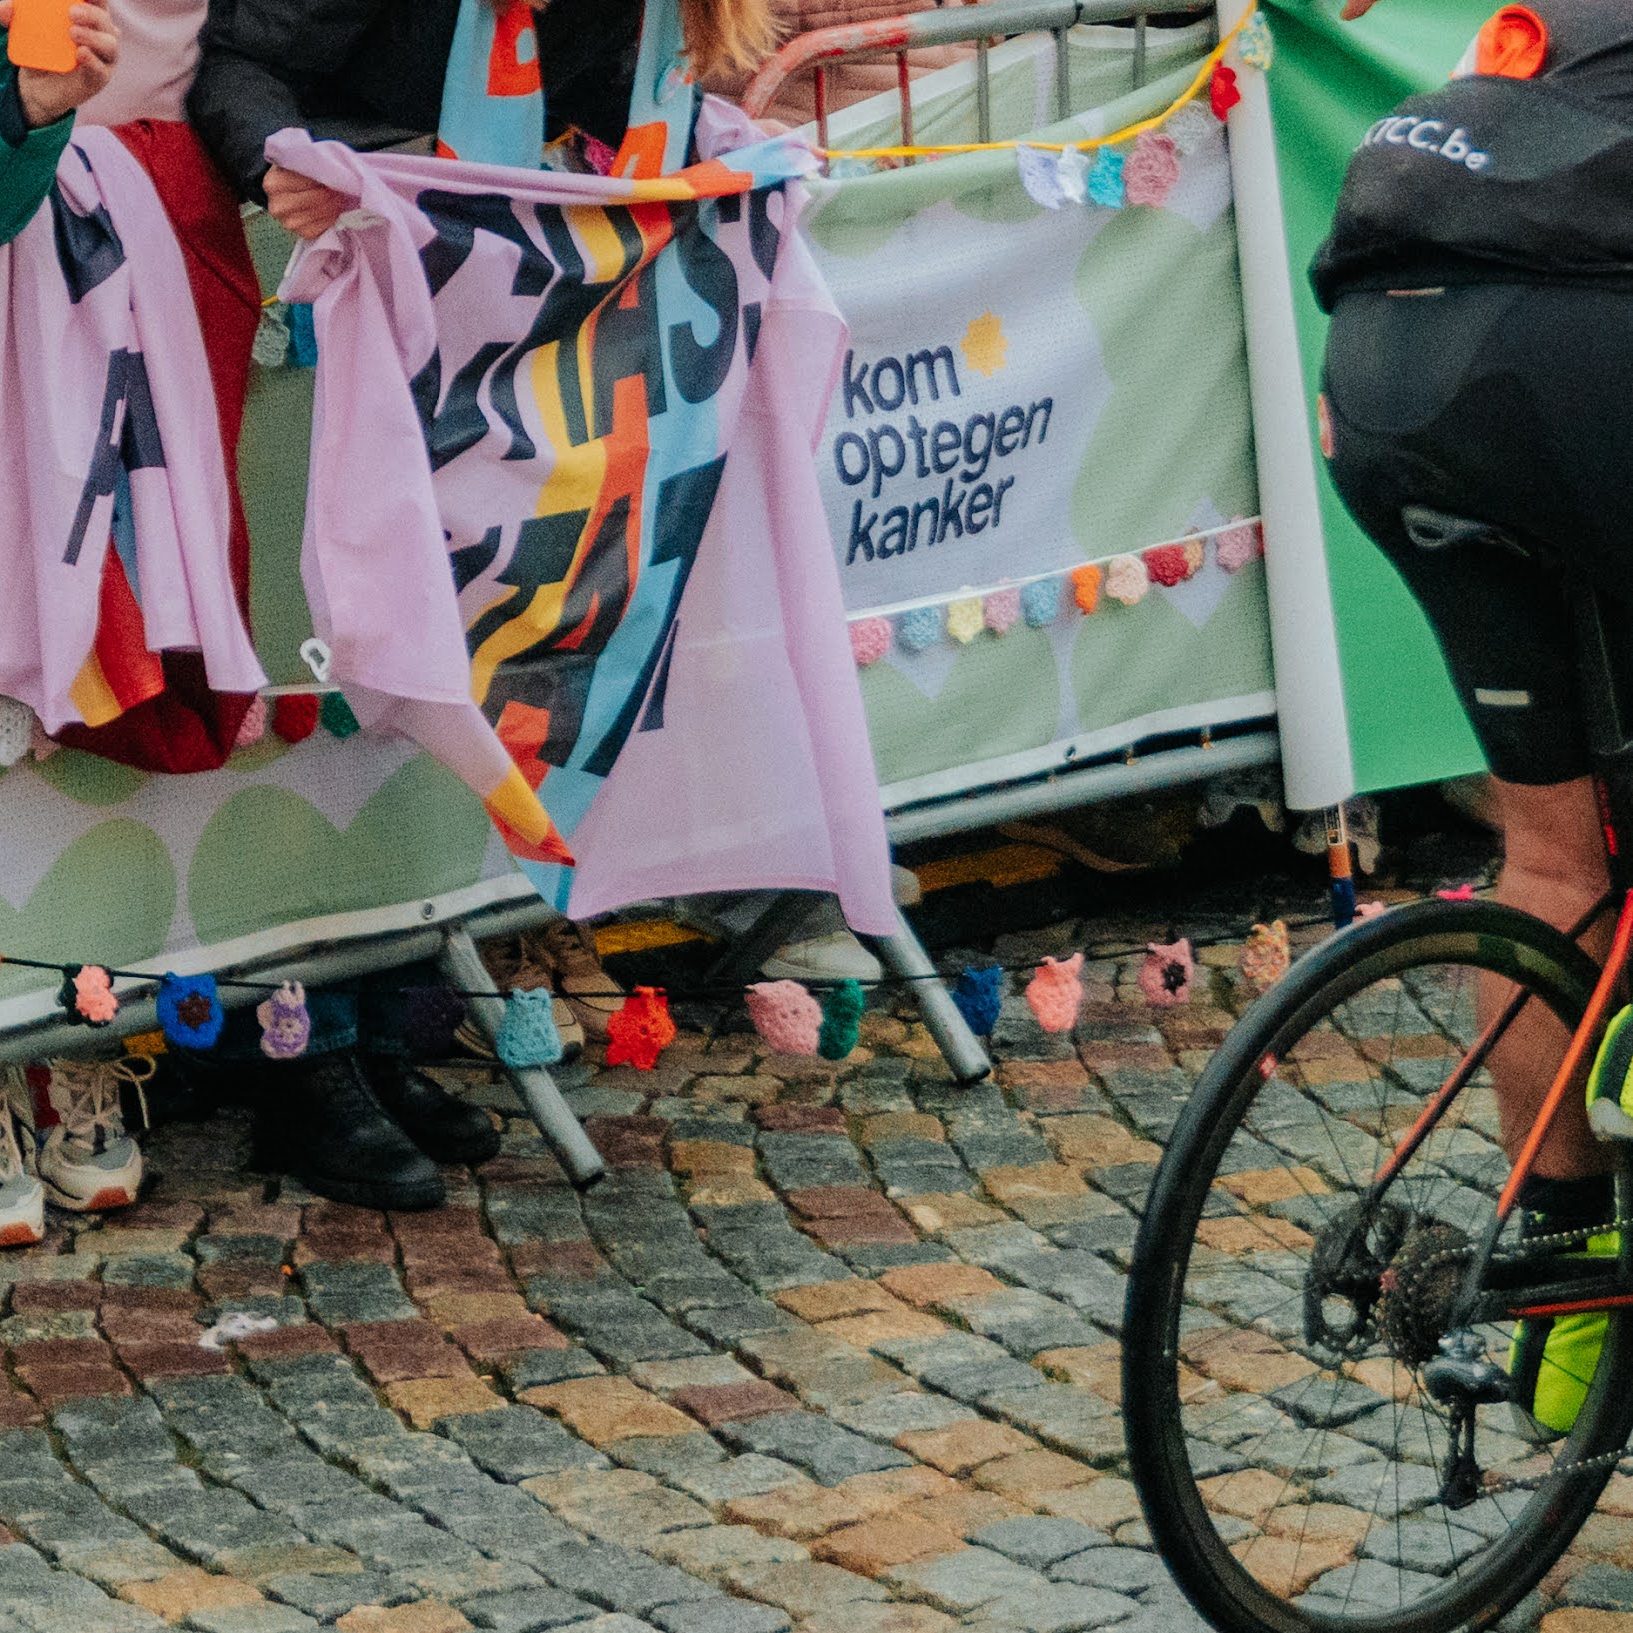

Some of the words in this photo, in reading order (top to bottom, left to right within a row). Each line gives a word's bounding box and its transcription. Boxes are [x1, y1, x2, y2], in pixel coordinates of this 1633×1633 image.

[842, 345, 960, 418] kom
[833, 424, 906, 498] op
[906, 397, 1053, 483] tegen
[845, 475, 1015, 566] kanker
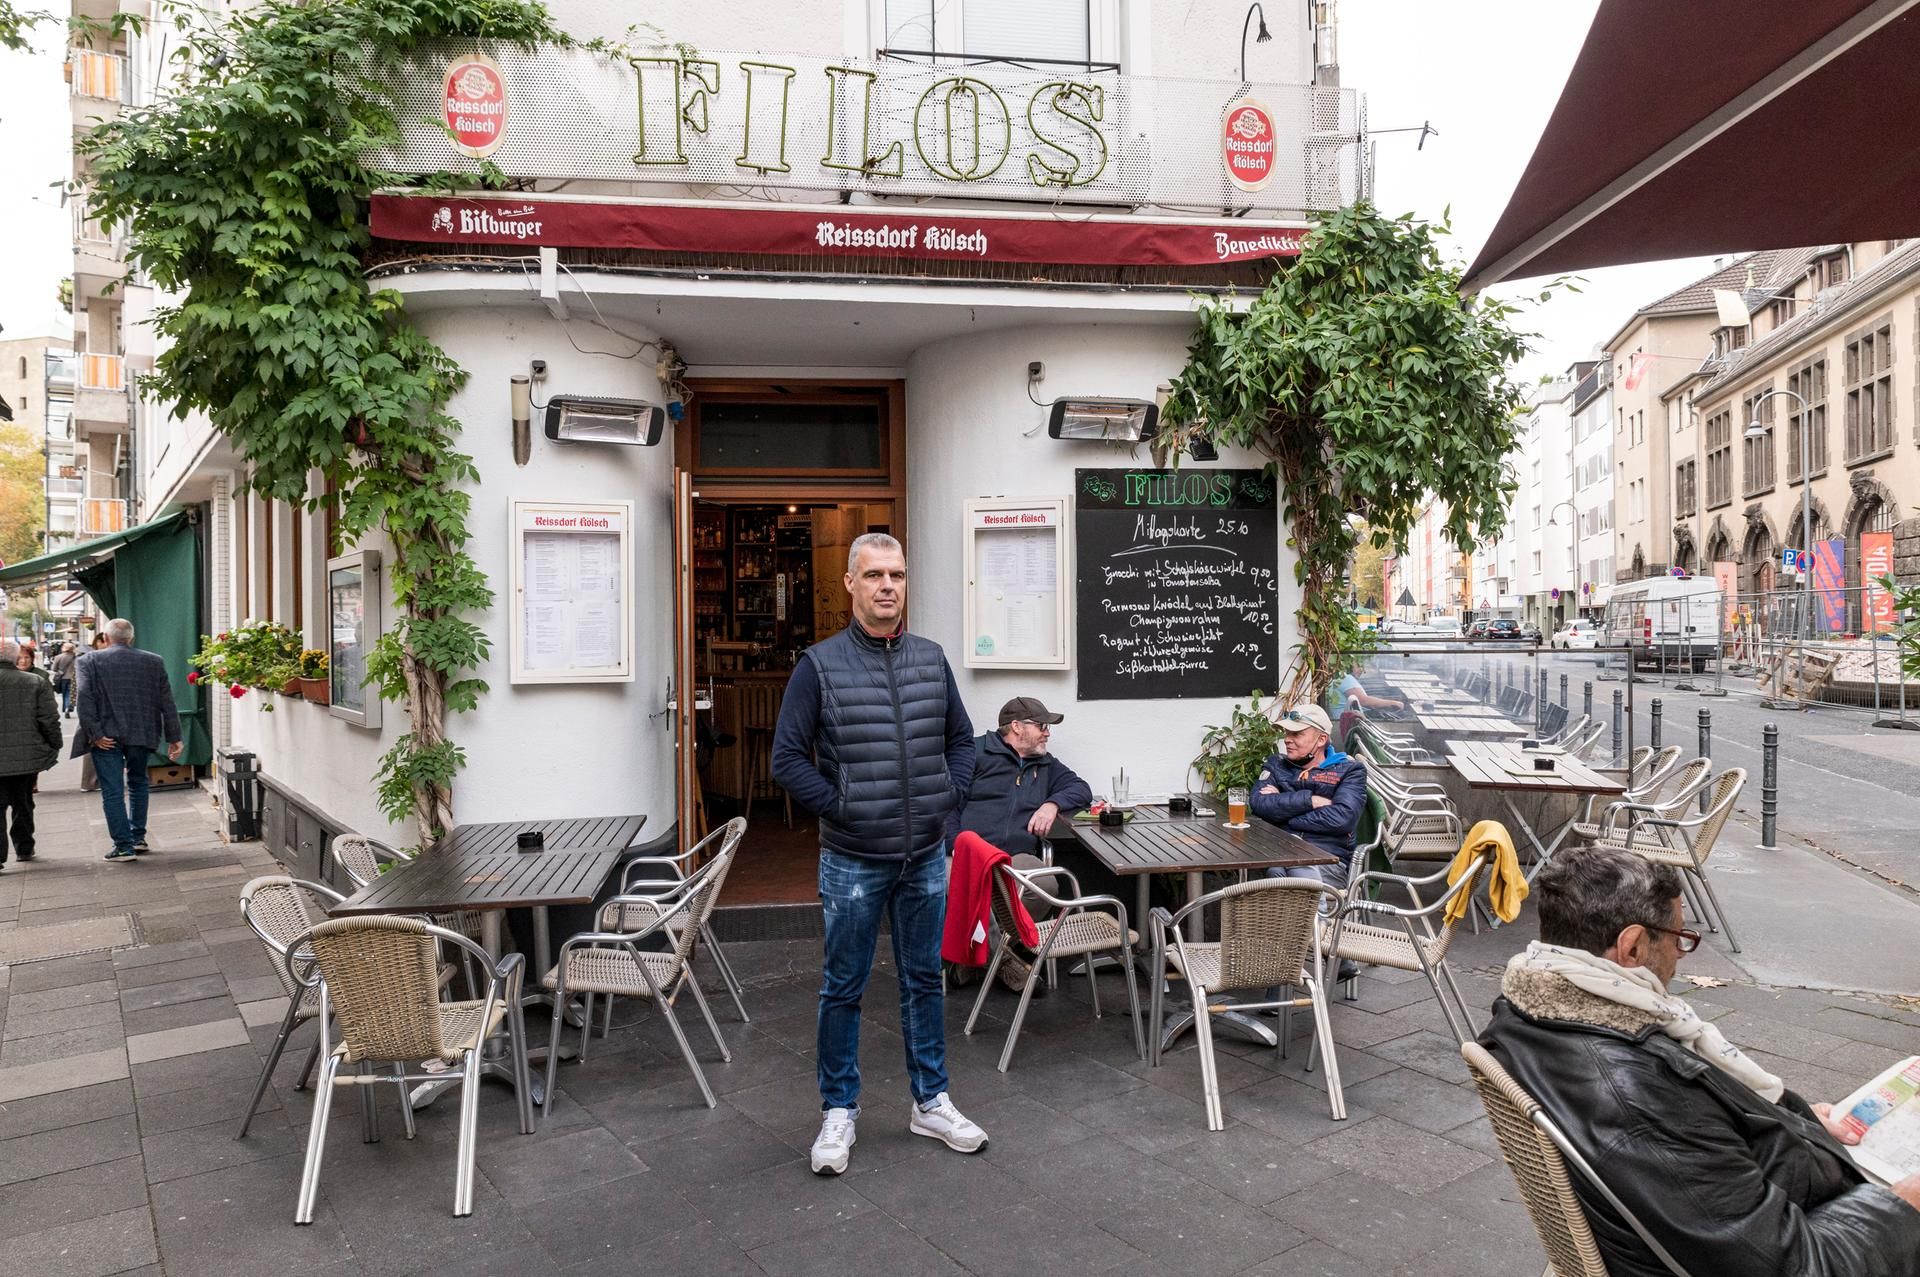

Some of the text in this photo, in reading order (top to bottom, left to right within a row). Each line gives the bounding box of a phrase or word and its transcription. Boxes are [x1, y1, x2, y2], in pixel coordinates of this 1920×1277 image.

___

Your objective: Retype the whole listing word for word. Skip the pictures.

Written reply:
Some of the words in this photo, in reading order (top to bottom, left to right within a row). Each line gives a word's bounding box and its transcription. Boxes are [x1, y1, x2, y2], in pixel coordinates of this 1633×1633 image.

[842, 345, 960, 418] kom
[833, 424, 906, 498] op
[906, 397, 1053, 483] tegen
[845, 475, 1015, 566] kanker

Some of the text in this photo, in reading order (top to bottom, left to right within a row). Each line gives the bounding box of a phrase or word and its transcription. Boxes are [x1, y1, x2, y2], in pixel coordinates of this 1920×1277 image.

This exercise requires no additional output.